Tackling disabling autoimmune disease with obstinance and humor.
One of the hardest parts of a failing body, for me, has been the many ways it limits my ability to do things. I miss going for a stroll in the woods to calm my nerves, whenever the need arose. Late afternoons spent wandering around my yard, weeding plants, while chatting on the phone. The freedom of climbing into the car and driving to the shore to clear my head. I even miss spring cleaning, scrubbing, dusting and polishing, and the exhaustion and satisfaction of a job well done.
Long gone are the dexterous hands that could craft and fashion things for necessity or whimsy. The powerful, capable body that propelled me through the dancing waters and up hillsides for vistas that stole what was left of my breath, now struggles with daily life. I miss an active life, pining for it, like a long-lost lover, always hoping some magical twist of fate will send it back my way.
Some days that hope seems fanciful and beyond reach, others the paths that might allow some old freedoms are visible, if faint. Because whatever else disability might be, it is, always constraining, limiting. Yes, I know there are a million ways determined, disabled folks have found to get around their limitations. Living in an age with so much amazing technology is a blessing. Yet, most adaptations require not just mindset but also means. I’d have an awesome off-roading power chair to carry me to the woods tomorrow if it were up to me. But, realistically, that is not something that is so easy to obtain. (It hardly even exists, sadly.)

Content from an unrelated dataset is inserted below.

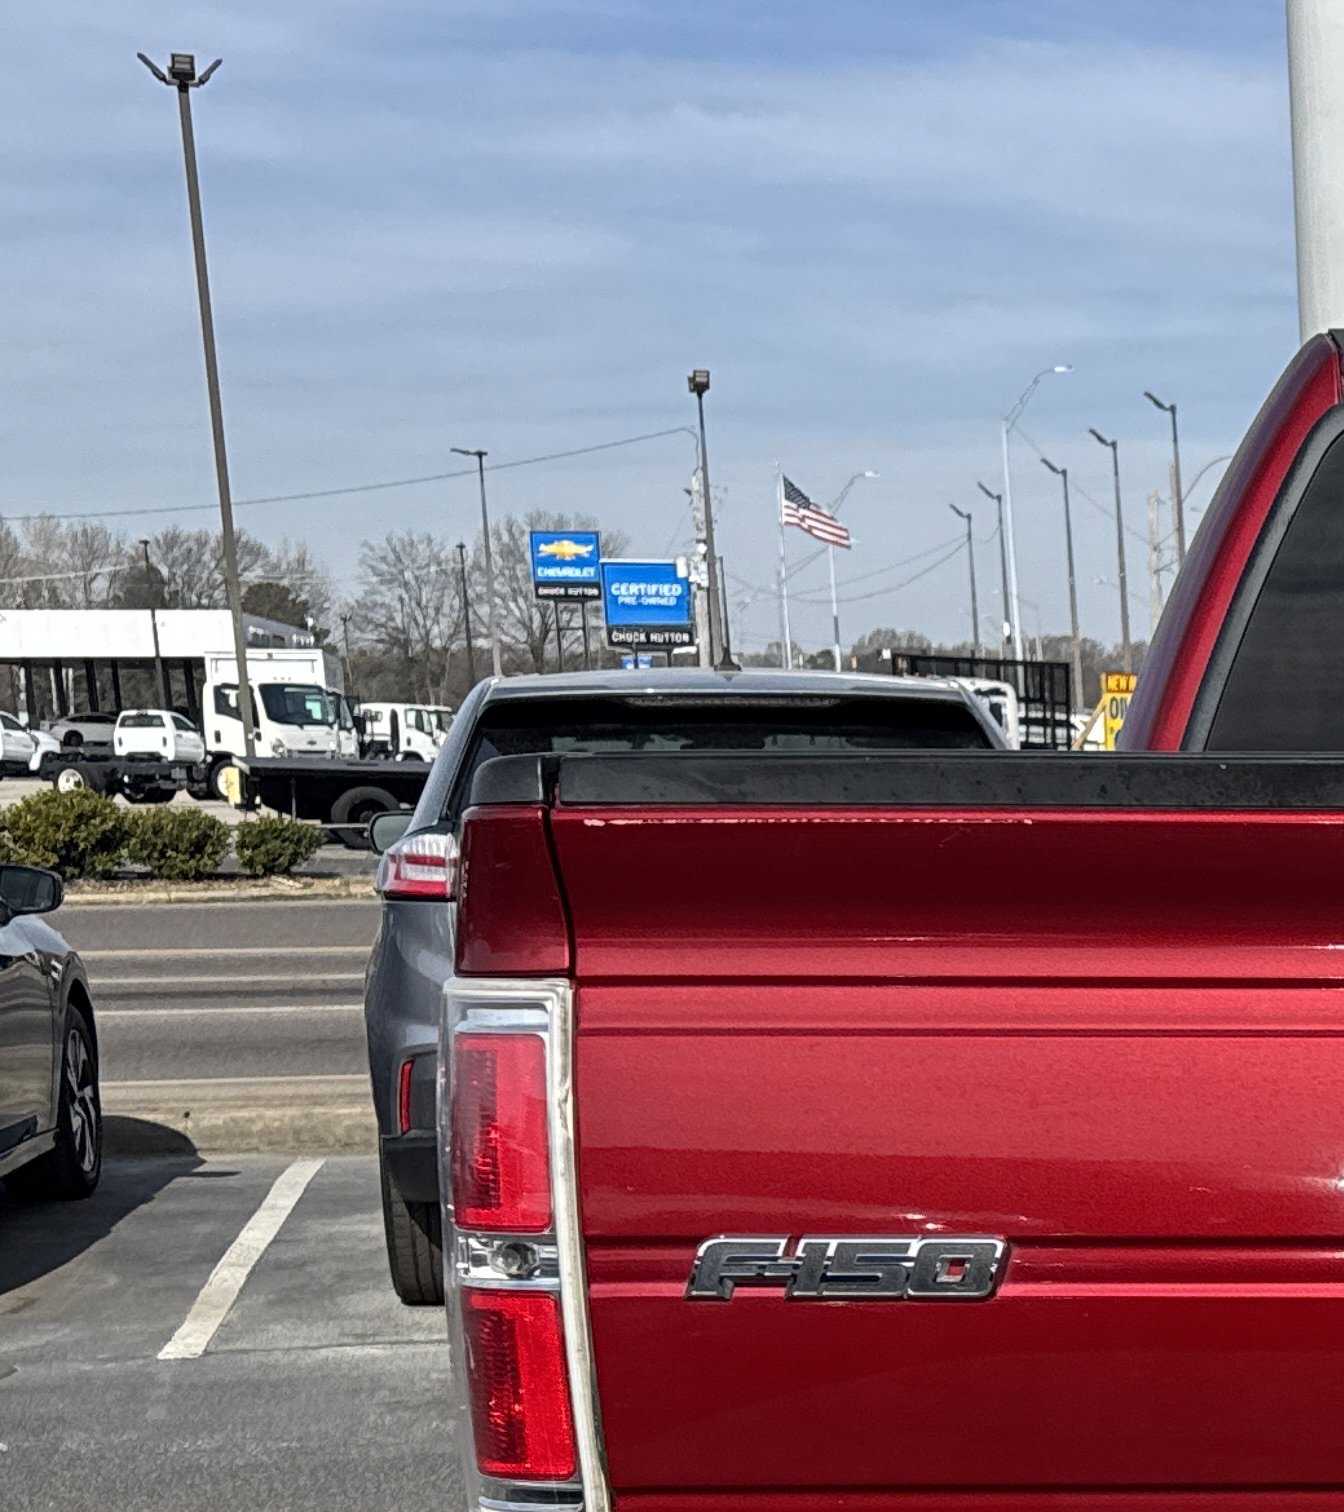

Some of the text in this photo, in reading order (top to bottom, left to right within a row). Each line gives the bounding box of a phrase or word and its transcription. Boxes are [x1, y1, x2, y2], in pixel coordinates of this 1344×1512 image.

SO I wait, and I hope, and I work. I wait for the day when this disease is in check, for the surgeries to repair the damage, for the healing that will allow me to grow strong and capable again. I hope for a future without such limitations, for the means to change my situation, and the strength and determination to get me there. I work to strengthen and protect the body I have left, to create new, loving habits, to find the pathways that will lead me back to my old self, capable, adventurous, inventive, industrious, tenacious ME.